Top of Dataset
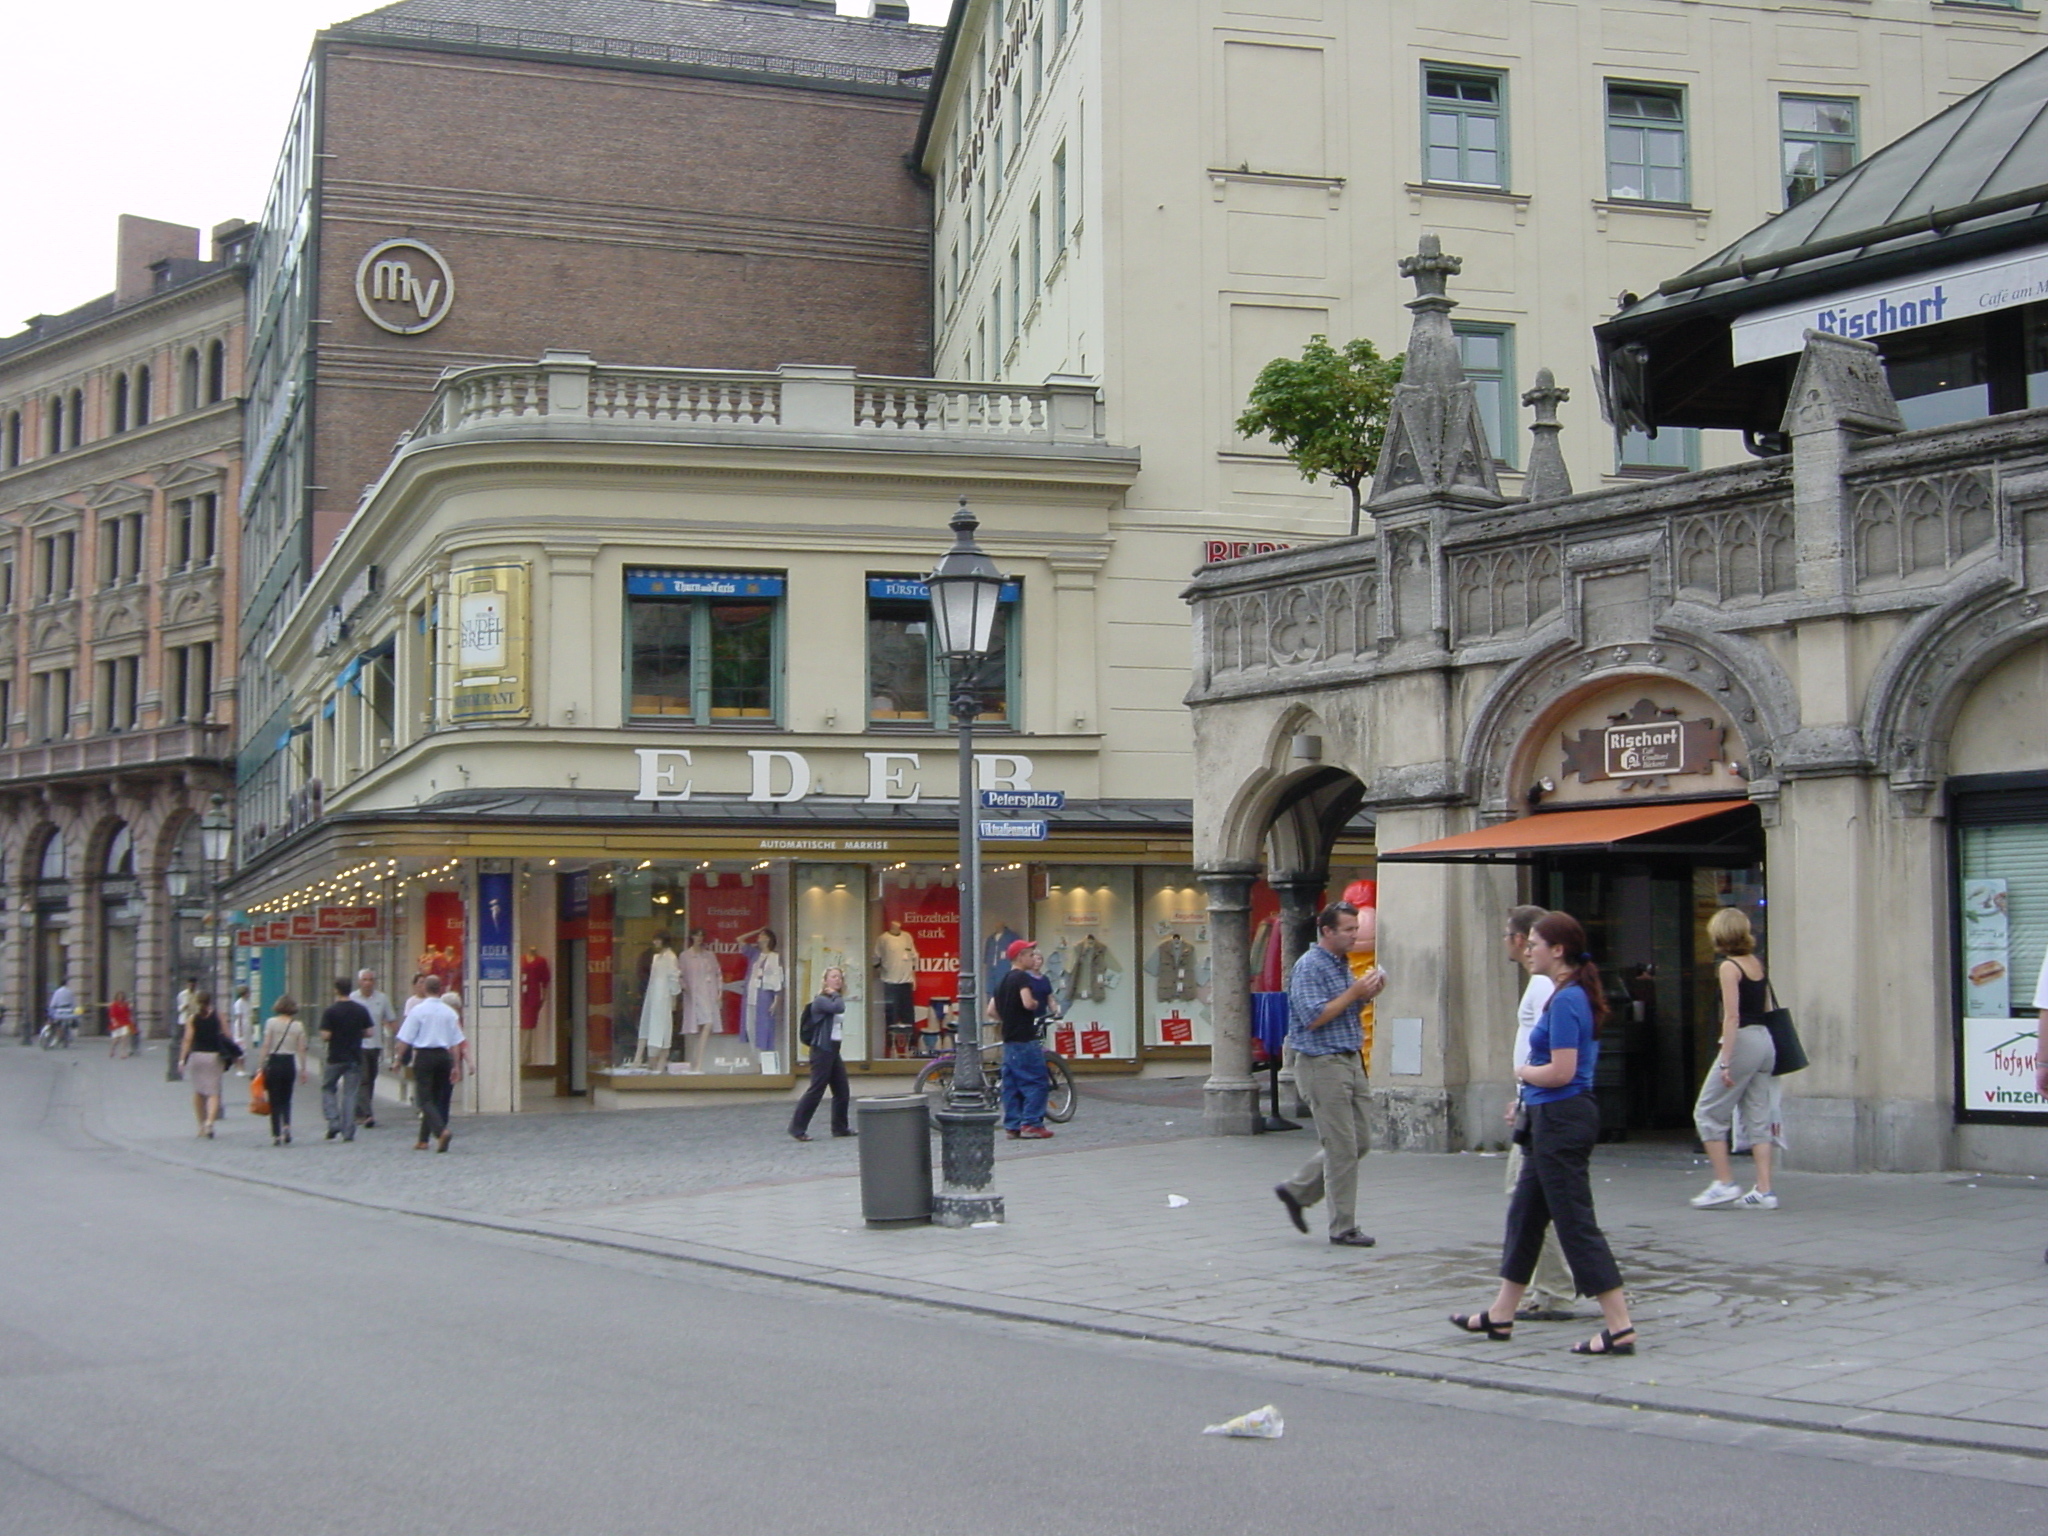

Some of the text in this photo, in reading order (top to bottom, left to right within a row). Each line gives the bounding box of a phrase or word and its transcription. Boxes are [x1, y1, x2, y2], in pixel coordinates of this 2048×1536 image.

[1818, 286, 1947, 339] Rischart
[2012, 287, 2033, 300] am
[886, 583, 918, 595] FÜRST
[1611, 729, 1677, 749] Rischart
[634, 748, 1034, 804] EDER
[988, 791, 1058, 808] Petersplatz
[760, 840, 889, 850] AUTOMATISCHE MARKISE
[904, 911, 960, 924] Einzelteile
[917, 927, 946, 939] stark
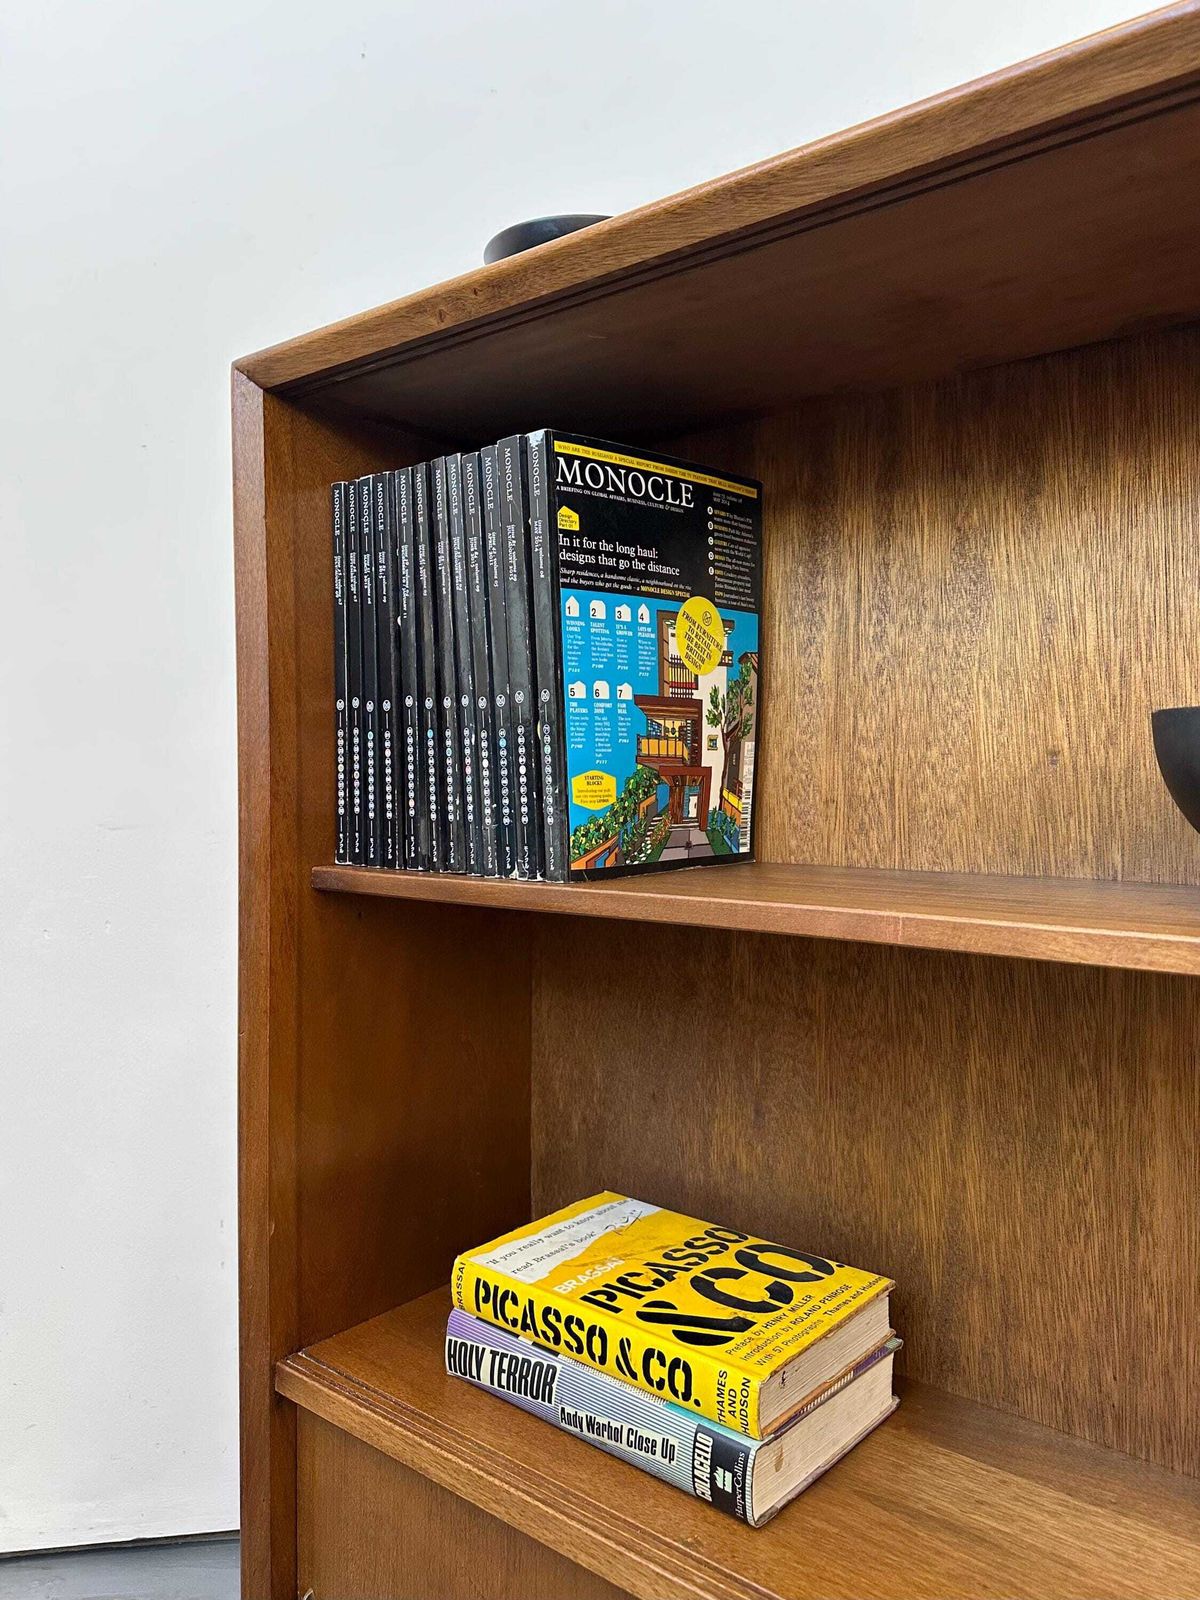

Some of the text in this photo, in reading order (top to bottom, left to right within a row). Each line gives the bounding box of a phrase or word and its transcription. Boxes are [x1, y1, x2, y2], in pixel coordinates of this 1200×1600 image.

[450, 464, 458, 515] MONOCLE
[466, 463, 475, 515] MONOCLE
[484, 457, 494, 510] MONOCLE
[504, 447, 513, 502] MONOCLE
[531, 443, 540, 497] MONOCLE
[556, 456, 694, 508] MONOCLE
[560, 486, 583, 494] BRIEFING
[591, 490, 609, 499] GLOBAL
[558, 533, 659, 559] In it for the long haul:
[559, 549, 680, 576] designs that go the distance
[559, 567, 575, 576] Sharp
[575, 568, 600, 579] residences,
[604, 571, 627, 581] handsome
[579, 578, 594, 586] buyers
[595, 579, 605, 587] who
[612, 580, 620, 588] the
[640, 585, 660, 594] MONOCLE
[660, 588, 675, 596] DESIGN
[567, 605, 571, 615] 1
[591, 607, 597, 617] 2
[616, 610, 622, 619] 3
[639, 613, 644, 621] 4
[687, 625, 694, 634] TO
[682, 610, 723, 652] FROM FURNITURE
[684, 632, 694, 644] THE
[694, 640, 707, 655] BEST
[684, 652, 702, 671] DESIGN
[685, 643, 706, 665] BRITISH
[569, 687, 576, 697] 5
[594, 688, 600, 697] 6
[617, 689, 623, 698] 7
[499, 1250, 517, 1261] you
[518, 1238, 545, 1252] really
[544, 1228, 565, 1239] want
[573, 1213, 595, 1226] know
[595, 1204, 617, 1216] about
[512, 1261, 534, 1275] read
[580, 1227, 749, 1314] PICASSO
[823, 1275, 884, 1316] Thames and Hudson
[474, 1277, 702, 1407] PICASSO & CO.
[725, 1294, 815, 1355] Preface by HENRY MILLER
[740, 1284, 853, 1362] Introduction by ROLAND PENROSE
[755, 1319, 825, 1366] With 57 Photographs
[447, 1338, 558, 1405] HOLY TERROR
[716, 1370, 728, 1423] THAMES
[728, 1388, 737, 1419] AND
[740, 1377, 751, 1436] HUDSON
[560, 1406, 676, 1465] Andy Warhol Close Up
[694, 1432, 713, 1502] COLACELLO
[733, 1451, 746, 1518] HarperCollins
Bottom of Dataset
**Exercise directions:** Above are the records; copy exactly the lines from the one with "this 1200×1600 image." through the final line.

**Answer area:**
Some of the text in this photo, in reading order (top to bottom, left to right within a row). Each line gives the bounding box of a phrase or word and its transcription. Boxes are [x1, y1, x2, y2], in pixel coordinates of this 1200×1600 image.

[450, 464, 458, 515] MONOCLE
[466, 463, 475, 515] MONOCLE
[484, 457, 494, 510] MONOCLE
[504, 447, 513, 502] MONOCLE
[531, 443, 540, 497] MONOCLE
[556, 456, 694, 508] MONOCLE
[560, 486, 583, 494] BRIEFING
[591, 490, 609, 499] GLOBAL
[558, 533, 659, 559] In it for the long haul:
[559, 549, 680, 576] designs that go the distance
[559, 567, 575, 576] Sharp
[575, 568, 600, 579] residences,
[604, 571, 627, 581] handsome
[579, 578, 594, 586] buyers
[595, 579, 605, 587] who
[612, 580, 620, 588] the
[640, 585, 660, 594] MONOCLE
[660, 588, 675, 596] DESIGN
[567, 605, 571, 615] 1
[591, 607, 597, 617] 2
[616, 610, 622, 619] 3
[639, 613, 644, 621] 4
[687, 625, 694, 634] TO
[682, 610, 723, 652] FROM FURNITURE
[684, 632, 694, 644] THE
[694, 640, 707, 655] BEST
[684, 652, 702, 671] DESIGN
[685, 643, 706, 665] BRITISH
[569, 687, 576, 697] 5
[594, 688, 600, 697] 6
[617, 689, 623, 698] 7
[499, 1250, 517, 1261] you
[518, 1238, 545, 1252] really
[544, 1228, 565, 1239] want
[573, 1213, 595, 1226] know
[595, 1204, 617, 1216] about
[512, 1261, 534, 1275] read
[580, 1227, 749, 1314] PICASSO
[823, 1275, 884, 1316] Thames and Hudson
[474, 1277, 702, 1407] PICASSO & CO.
[725, 1294, 815, 1355] Preface by HENRY MILLER
[740, 1284, 853, 1362] Introduction by ROLAND PENROSE
[755, 1319, 825, 1366] With 57 Photographs
[447, 1338, 558, 1405] HOLY TERROR
[716, 1370, 728, 1423] THAMES
[728, 1388, 737, 1419] AND
[740, 1377, 751, 1436] HUDSON
[560, 1406, 676, 1465] Andy Warhol Close Up
[694, 1432, 713, 1502] COLACELLO
[733, 1451, 746, 1518] HarperCollins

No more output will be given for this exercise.